Studio 105: A different kind of ethics class
“This class is a lot harder than all of my other classes—but it is definitely beneficial. It is rounding out my college education, bringing creativity to a class that would otherwise just be a requirement.”
It’s not an uncommon sentiment in PHIL 105-04, a studio-based course being co-taught by a philosopher and a designer at Georgetown this fall. The course is billed as an introduction to bioethics—moral issues in health, the environment, and emerging technologies—but students are getting a side of design education along with their ethics.
“In the studio setting, students create in order to learn, and learn from the process of creating,” explains professor of philosophy Maggie Little, who is co-delivering the course with designer Arjun Dhillon. A renowned bioethicist and director of Georgetown’s Kennedy Institute of Ethics, Little is enthusiastic about the multiple intersections between engaged ethics and the practice of design. This semester’s course is being offered as a pilot project in EthicsLab , an initiative by the Kennedy Institute of Ethics to make progress on complex bioethical problems by supplementing traditional approaches with new methods from innovation and design labs.
Students are tackling real-world bioethics projects such as genome sequencing, clinical trial design for ethically complex populations, and informed consent procedures. Two EthicsLab Scholars-in-Residence will contribute their expertise, as visiting instructors and real-world project owners. Spencer Wells, a geneticist and explorer at National Geographic, will work with students to develop a protocol for truly informed consent to having their own genomes sequenced, an option open to every student enrolled in the course this semester. Jason Campagna, an anesthesiologist at critical care medicine company, will work with students on a very real puzzle: how to conduct morally sound research on medical treatments for preeclampsia, a condition of pregnancy that is one of the leading causes of maternal mortality worldwide.

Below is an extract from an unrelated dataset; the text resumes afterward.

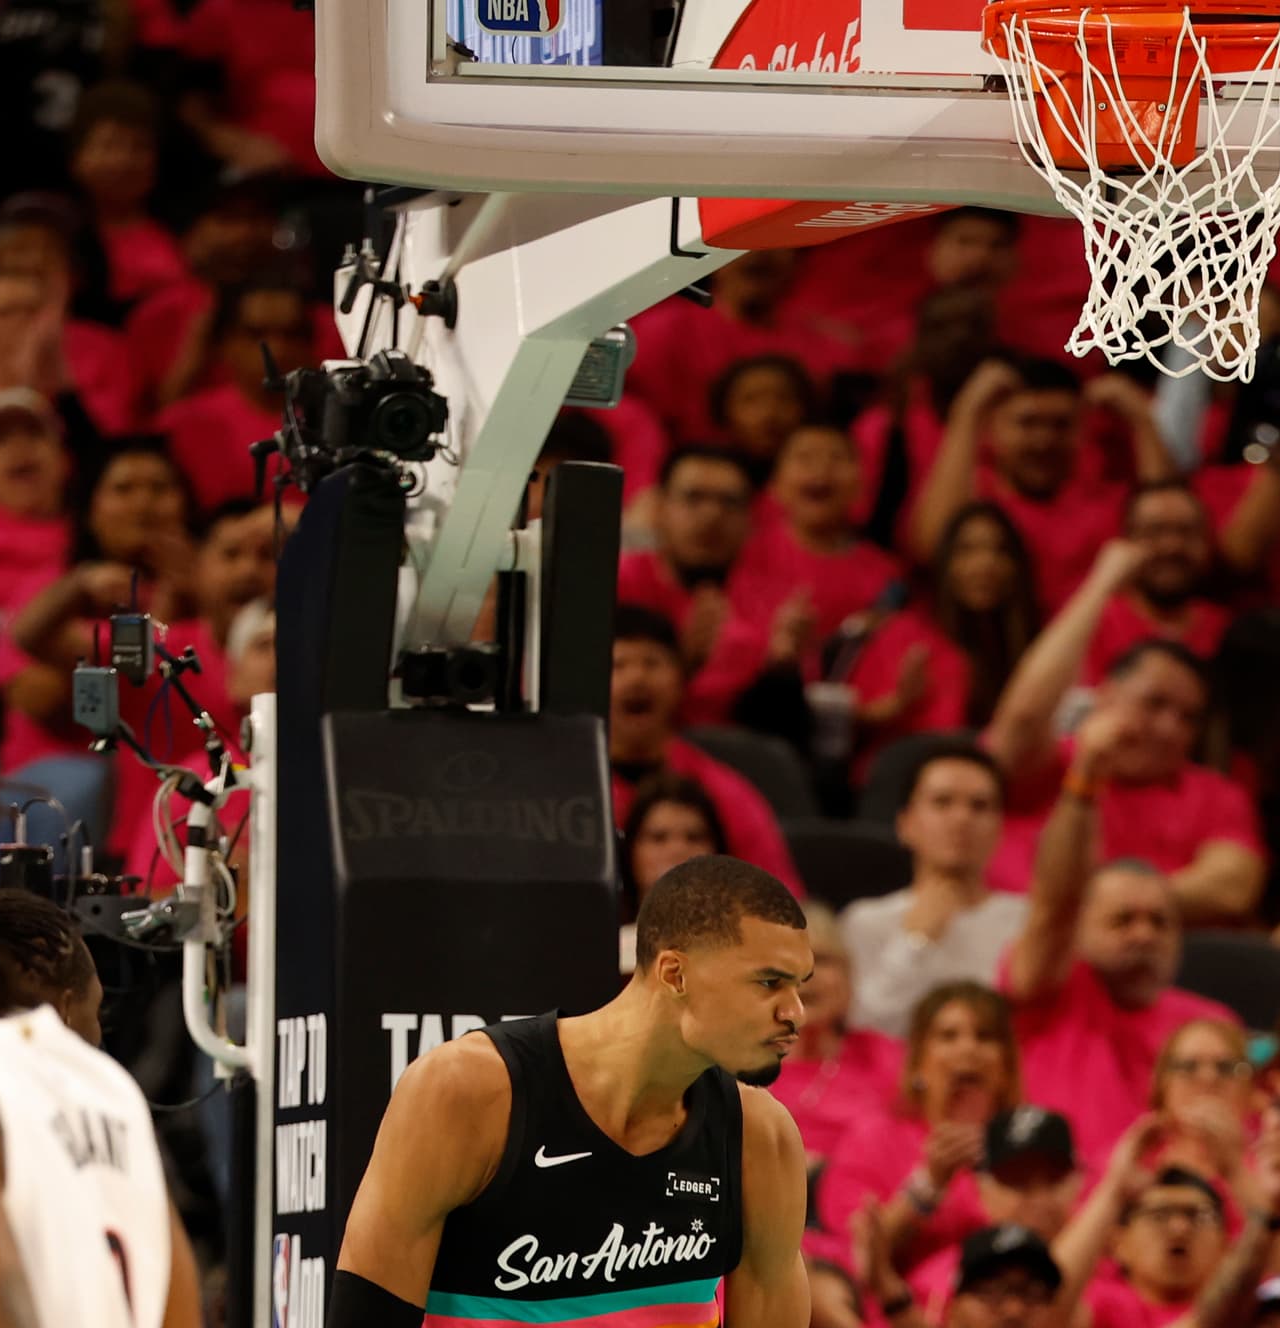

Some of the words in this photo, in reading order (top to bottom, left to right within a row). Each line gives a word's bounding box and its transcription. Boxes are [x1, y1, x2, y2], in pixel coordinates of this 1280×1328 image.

“In studio courses, students are encouraged to fail publicly, and fail fast,” explains Dhillon, who as head of design at EthicsLab brings years of experience in industrial, digital, and experience design to the classroom. Project-based learning is at the heart of the studio method, in which students create tangible objects for juried critique by outside experts several times throughout the semester. Students build bioethics knowledge as they develop resilience, inquisitiveness, and collaborative skills.
These public presentations, or “crits,” are “the guarantors of project authenticity,” according to Dhillon, because student work is being delivered not just to the instructors who assigned it, but to an audience with diverse areas of expertise. They are an important mechanism for integrating deep engagement with authentic problems and real-world audiences into the core curriculum, an underlying objective of the Studio 105 experiment. The most recent “crit” involved jurors ranging from English professors to instructional designers to comic book experts, who gave candid feedback on student work centered on the meaning of informed consent.
Bioethicists were among the jury members as well, offering a strong reminder of the value of creative and collaborative inquiry oriented around tangible artifacts for a field whose problems arise, and must ultimately be addressed in, the complex and messy reality of real human lives.
This fall’s studio course is designed to do several things beyond its immediate impact on this semester’s cohort.
It represents an effort to broaden the range of options available for teaching practically-engaged ethics to beginners (and beyond) at Georgetown, building a portfolio of innovative pedagogical tools to be sampled and incorporated by other faculty across the university.
It is also designed to test a variety of pedagogical tools and approaches that will form the core of an interdisciplinary course cluster in bioethics slated to debut in Spring 2015. Featuring writing-intensive, philosophy-grounded, and scientifically-oriented arms, the course community will bring diverse groups of students, faculty, and graduate students together to use design as critical inquiry on a bioethics topic.
As part of the university-wide initiative to develop boundary-crossing curricular structures, the Studio 105 class is also feeding discussions about larger-scale curricular shifts, such as a radically interdisciplinary certificate in bioethics for undergraduates and a design-driven MA or integrated BA/MA program in engaged ethics for more advanced students.
“This is a very exciting time to be at Georgetown,” says Little. “University leadership is consistently pushing the boundaries of what’s possible in higher education, and the Kennedy Institute is grateful and proud to be a leading partner these experiments.”